The new 3-D concert documentary film is predicted to gross a whopping $22 million over Labor Day Weekend weekend, according to surveys of pre-release audiences.
The new film follows band members Harry Styles, Niall Horan, Louis Tomlinson, Zayn Malik and Liam Payne on their 150-day world tour, a $10 million production directed by Oscar-winning documentarian Morgan Spurlock, whose 2004 film "Super Size Me" earned $11.5 million.
Just this month, the boys of 1D sold out four concerts at the Staples Center, their success in the U.S. paralleling that of theirs in Britain, where the band is currently a huge sensation.
So far, the new documentary has a 69 percent certified fresh score from critics on RottenTomatoes' "tomatometer," with 79 percent of Rottentomatoes fans reporting they enjoyed the film.

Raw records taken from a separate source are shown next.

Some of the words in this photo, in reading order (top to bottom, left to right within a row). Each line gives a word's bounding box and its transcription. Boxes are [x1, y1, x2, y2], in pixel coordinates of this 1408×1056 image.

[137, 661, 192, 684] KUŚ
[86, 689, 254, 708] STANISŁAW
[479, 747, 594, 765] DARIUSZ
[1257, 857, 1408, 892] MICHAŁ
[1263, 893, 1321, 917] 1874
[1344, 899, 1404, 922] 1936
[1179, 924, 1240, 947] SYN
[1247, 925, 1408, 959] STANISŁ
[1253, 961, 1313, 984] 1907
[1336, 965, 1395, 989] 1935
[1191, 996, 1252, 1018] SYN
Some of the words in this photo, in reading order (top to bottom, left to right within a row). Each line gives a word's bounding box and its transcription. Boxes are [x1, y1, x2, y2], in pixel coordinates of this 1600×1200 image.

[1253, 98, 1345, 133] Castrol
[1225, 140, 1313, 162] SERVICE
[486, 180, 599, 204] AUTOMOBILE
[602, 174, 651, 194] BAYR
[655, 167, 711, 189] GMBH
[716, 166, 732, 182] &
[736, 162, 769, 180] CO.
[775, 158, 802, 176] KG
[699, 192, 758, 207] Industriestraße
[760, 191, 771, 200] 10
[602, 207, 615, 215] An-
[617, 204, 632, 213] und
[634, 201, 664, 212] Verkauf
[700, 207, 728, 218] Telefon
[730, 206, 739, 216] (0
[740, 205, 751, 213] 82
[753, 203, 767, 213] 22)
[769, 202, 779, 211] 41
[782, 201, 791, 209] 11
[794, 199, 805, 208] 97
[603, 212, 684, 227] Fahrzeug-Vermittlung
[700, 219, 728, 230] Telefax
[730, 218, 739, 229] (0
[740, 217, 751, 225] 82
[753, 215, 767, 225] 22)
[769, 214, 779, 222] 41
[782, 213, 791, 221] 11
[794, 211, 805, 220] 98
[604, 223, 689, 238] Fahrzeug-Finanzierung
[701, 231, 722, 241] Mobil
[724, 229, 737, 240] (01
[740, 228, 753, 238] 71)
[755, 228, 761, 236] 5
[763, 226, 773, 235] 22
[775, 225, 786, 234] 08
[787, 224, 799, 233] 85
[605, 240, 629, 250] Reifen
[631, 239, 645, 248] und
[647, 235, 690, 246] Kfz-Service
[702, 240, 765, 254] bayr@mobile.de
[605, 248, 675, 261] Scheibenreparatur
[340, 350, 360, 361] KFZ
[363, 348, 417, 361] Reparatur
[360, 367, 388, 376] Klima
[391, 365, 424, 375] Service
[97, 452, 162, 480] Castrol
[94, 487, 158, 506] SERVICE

"It's mostly for the converted, but One Direction: This Is Us will be fun for fans - and it offers just enough slickly edited concert footage to entertain the casual viewer," reads the site's overall critic consensus.
"It's not easy being a teen idol, but the lads in One Direction sure make it look like a nonstop lark," writes Inquirer TV Critic David Hiltbrand, chalking up the boys' popularity to their "criminal" cuteness, as he feels that neither their "songs nor their rather nonchalant stage presence can explain the adulation they provoke."
However, some critics weren't so charmed by the band's latest entry in cinema. Willie Waffle of WaffleFilms.com calling the movie a" 90-minute commercial for One Direction desperately trying to convince us that the guys are mischievous scamps who care about their fans and love their mommies." Waffle accuses the movie as "manufactured and phony."
Rick Bentley of the Fresno Bee, however, praises Spurlock for stripping away "the hysteria to offer a glimpse of the guys to go with the energetic stage shows," though he does critique the use of 3-D as gimmicky, which he deems a ploy to "to get more money out of moviegoers."
"The film doesn't earn a place among the great music documentaries, but it presents its stars in 3D immediacy that likely will inspire screams and sighs, oohs and ahs, wherever movies are shown," writes reviewer John Wirt of The Advocate.
On the Internet Movie Database (IMDb), the film has a 3 out of 10 user rating so far, with some fans of the film comparing the band and their mega success to the Beatles.